Text-to-region grounding data:
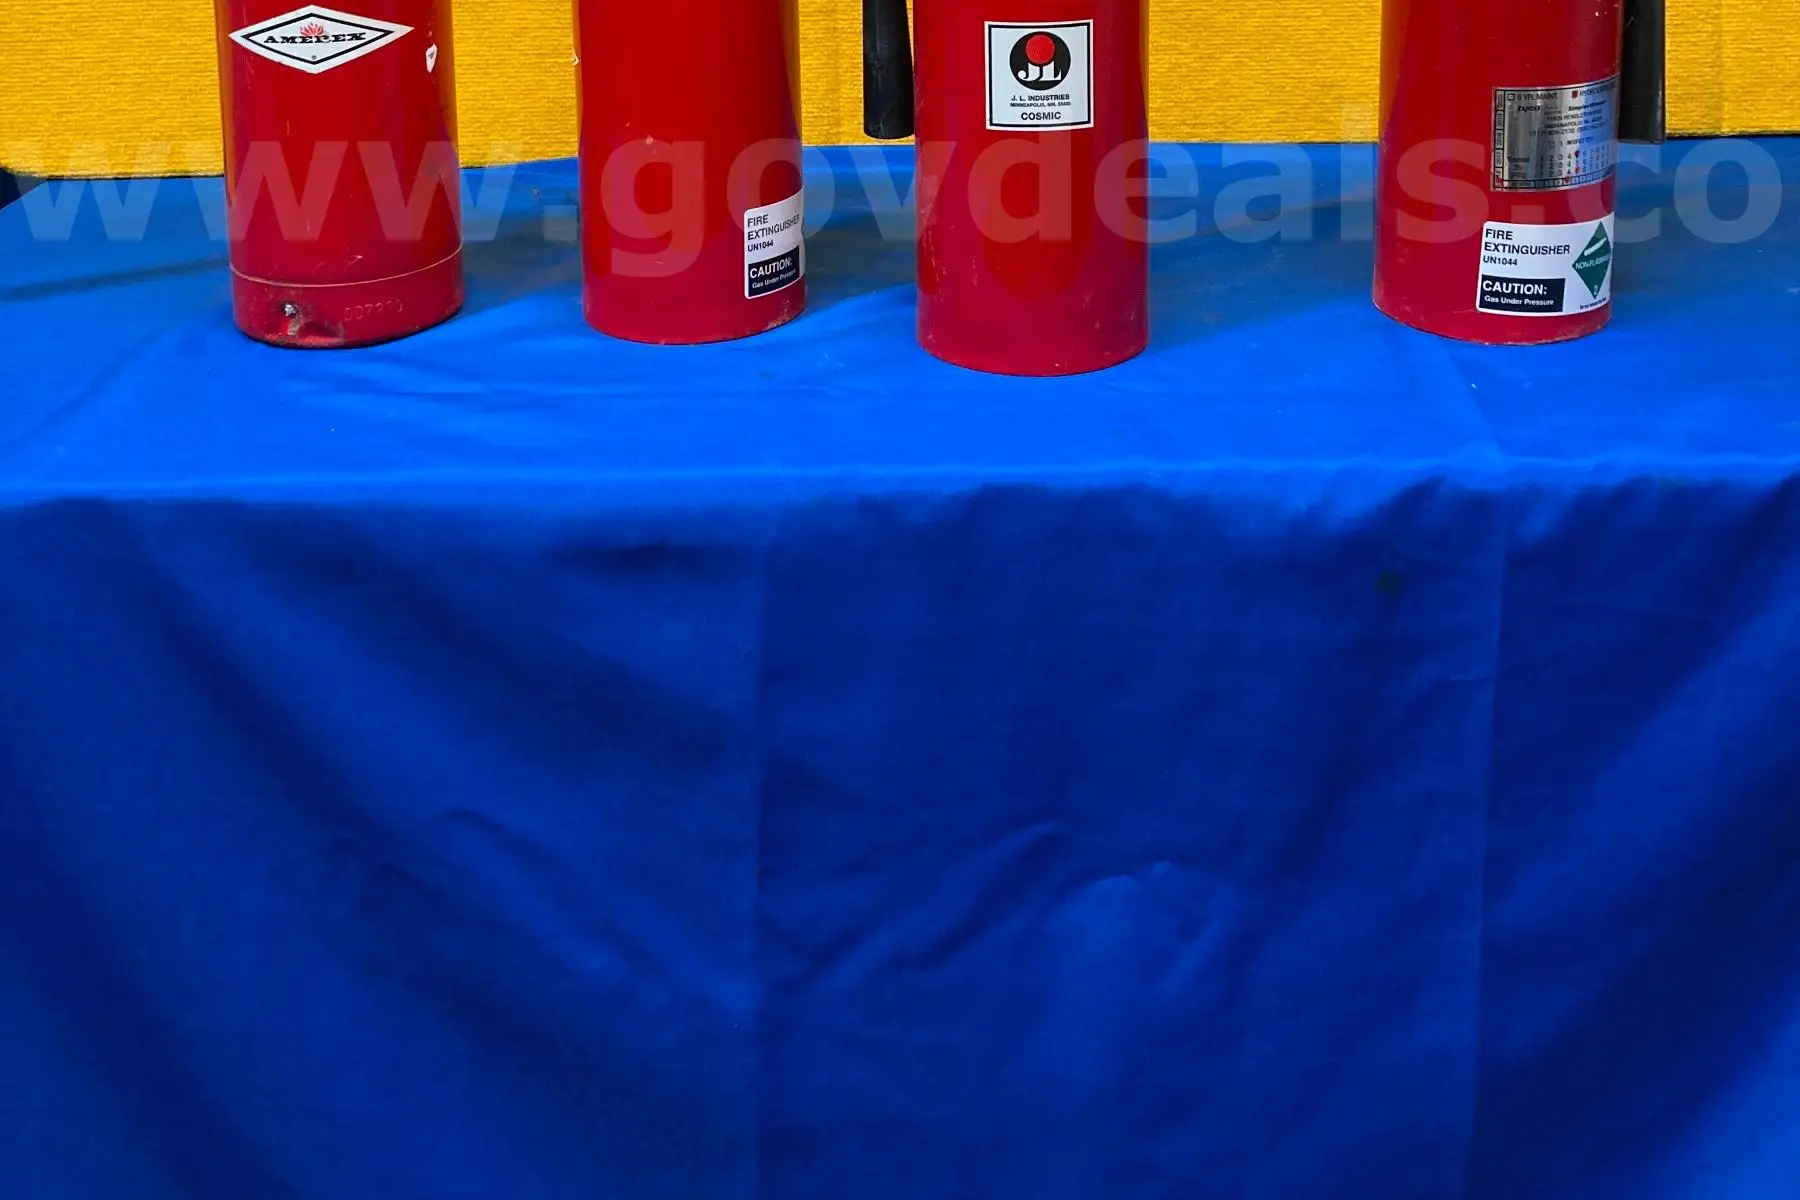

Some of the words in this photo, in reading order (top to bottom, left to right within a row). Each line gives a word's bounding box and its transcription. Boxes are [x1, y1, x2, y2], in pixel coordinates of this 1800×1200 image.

[263, 31, 367, 44] AMEREX
[1028, 93, 1070, 101] INDUSTRIES
[1020, 111, 1062, 121] COSMIC
[747, 213, 769, 228] FIRE
[747, 213, 800, 241] EXTINGUISHER
[1485, 228, 1513, 241] FIRE
[747, 239, 774, 252] UN1044
[1484, 241, 1570, 255] EXTINGUISHER
[1482, 255, 1518, 266] UN1044
[749, 256, 793, 279] CAUTION:
[752, 279, 764, 289] Gas
[764, 275, 779, 286] Under
[1482, 280, 1548, 295] CAUTION:
[1484, 295, 1500, 303] Gas
[1500, 296, 1522, 305] Under
[1524, 298, 1554, 306] Pressure
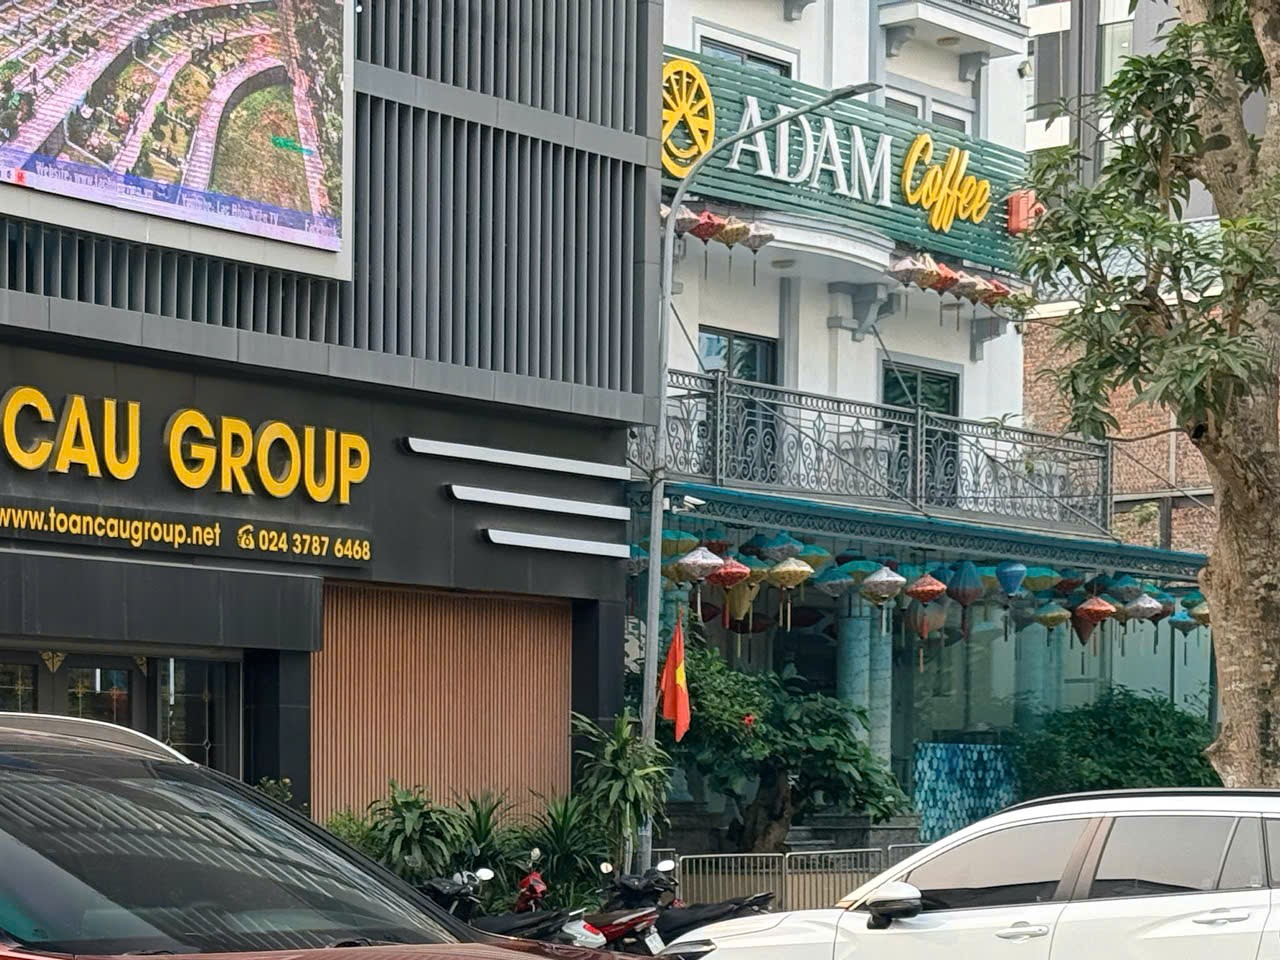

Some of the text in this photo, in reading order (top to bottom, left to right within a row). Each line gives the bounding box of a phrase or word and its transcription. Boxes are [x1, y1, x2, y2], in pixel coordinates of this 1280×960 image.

[723, 96, 992, 233] ADAM Coffee
[0, 385, 141, 482] CAU
[166, 407, 372, 505] GROUP
[257, 528, 289, 552] 024
[291, 533, 329, 555] 3787
[333, 538, 371, 561] 6468
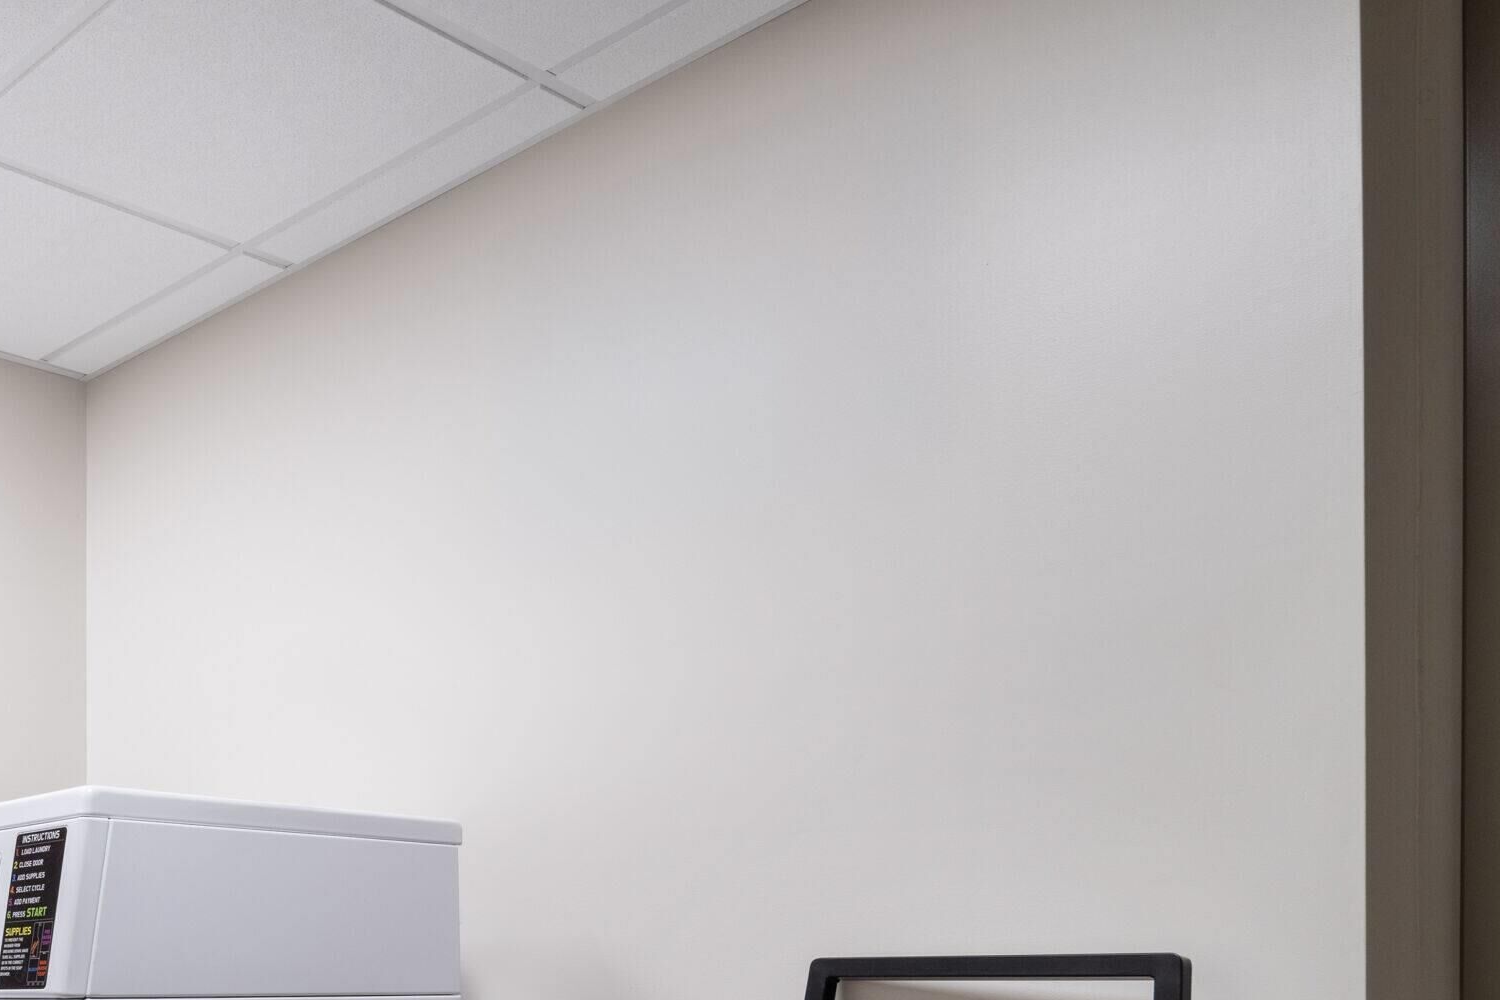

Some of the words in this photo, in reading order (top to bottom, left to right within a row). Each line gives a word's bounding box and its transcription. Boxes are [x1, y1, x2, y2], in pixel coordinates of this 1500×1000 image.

[22, 830, 60, 844] INSTRUCTIONS
[32, 845, 51, 853] LAUNDRY
[26, 872, 45, 880] SUPPLIES
[16, 885, 31, 894] SELECT
[26, 906, 47, 917] START
[5, 926, 32, 936] SUPPLIES
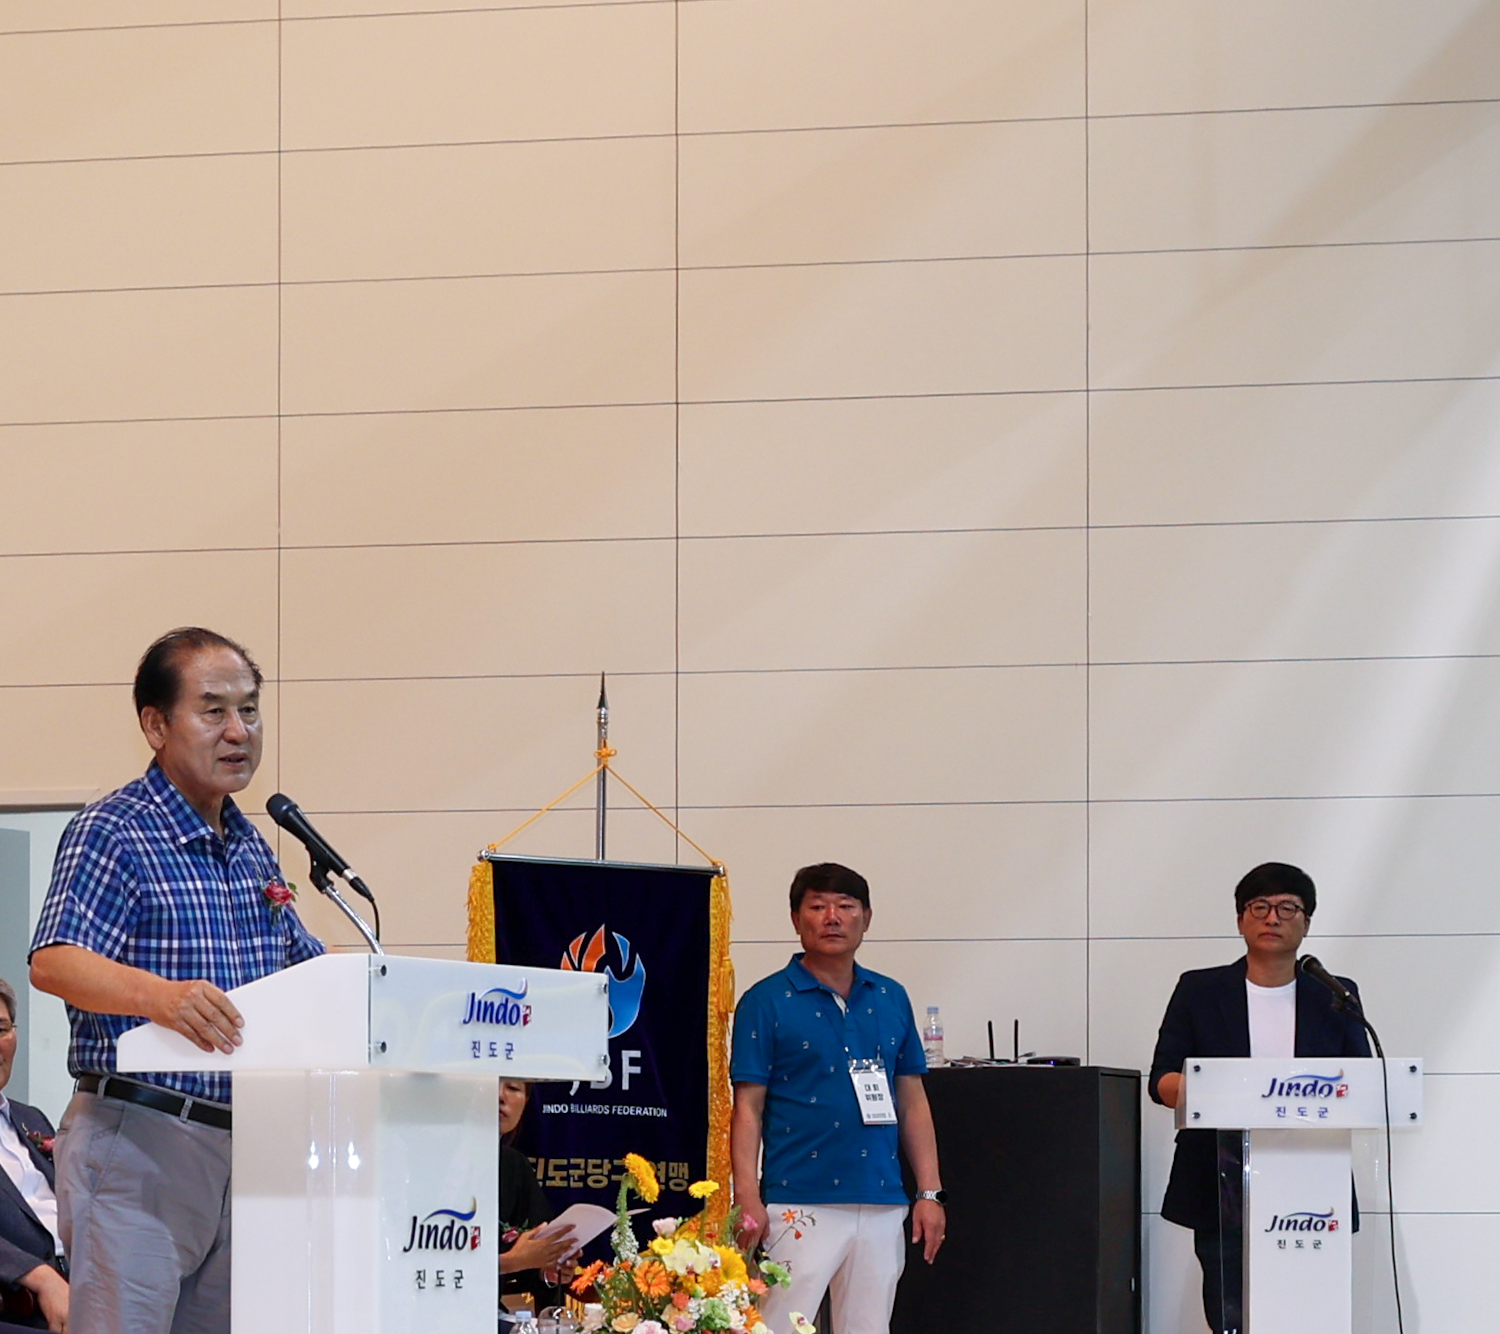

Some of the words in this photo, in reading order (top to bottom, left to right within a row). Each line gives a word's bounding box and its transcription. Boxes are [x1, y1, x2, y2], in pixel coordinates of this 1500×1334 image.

AIM OF THE EXERCISE: Reproduce each line of the records exactly, and omit every picture.

ANSWER SECTION:
Some of the words in this photo, in reading order (top to bottom, left to right within a row). Each line gives a word's bounding box and its transcription. Boxes are [x1, y1, x2, y2], in pixel coordinates of this 1800×1200 image.

[263, 31, 367, 44] AMEREX
[1028, 93, 1070, 101] INDUSTRIES
[1020, 111, 1062, 121] COSMIC
[747, 213, 769, 228] FIRE
[747, 213, 800, 241] EXTINGUISHER
[1485, 228, 1513, 241] FIRE
[747, 239, 774, 252] UN1044
[1484, 241, 1570, 255] EXTINGUISHER
[1482, 255, 1518, 266] UN1044
[749, 256, 793, 279] CAUTION:
[752, 279, 764, 289] Gas
[764, 275, 779, 286] Under
[1482, 280, 1548, 295] CAUTION:
[1484, 295, 1500, 303] Gas
[1500, 296, 1522, 305] Under
[1524, 298, 1554, 306] Pressure

Some of the text in this photo, in reading order (top to bottom, left to right within a row). Each line gives the bounding box of a phrase or word and its transcription. Boxes are [x1, y1, x2, y2], in pixel coordinates of this 1280×960 image.

[723, 96, 992, 233] ADAM Coffee
[0, 385, 141, 482] CAU
[166, 407, 372, 505] GROUP
[257, 528, 289, 552] 024
[291, 533, 329, 555] 3787
[333, 538, 371, 561] 6468

Some of the words in this photo, in reading order (top to bottom, left to right within a row). Each line gives a word's bounding box and its transcription. Boxes are [x1, y1, x2, y2], in pixel coordinates of this 1500×1000 image.

[22, 830, 60, 844] INSTRUCTIONS
[32, 845, 51, 853] LAUNDRY
[26, 872, 45, 880] SUPPLIES
[16, 885, 31, 894] SELECT
[26, 906, 47, 917] START
[5, 926, 32, 936] SUPPLIES

Some of the words in this photo, in reading order (top to bottom, left to right within a row). Each line gives a word's bounding box and its transcription. Boxes are [x1, y1, x2, y2], in pixel coordinates of this 1500×1334 image.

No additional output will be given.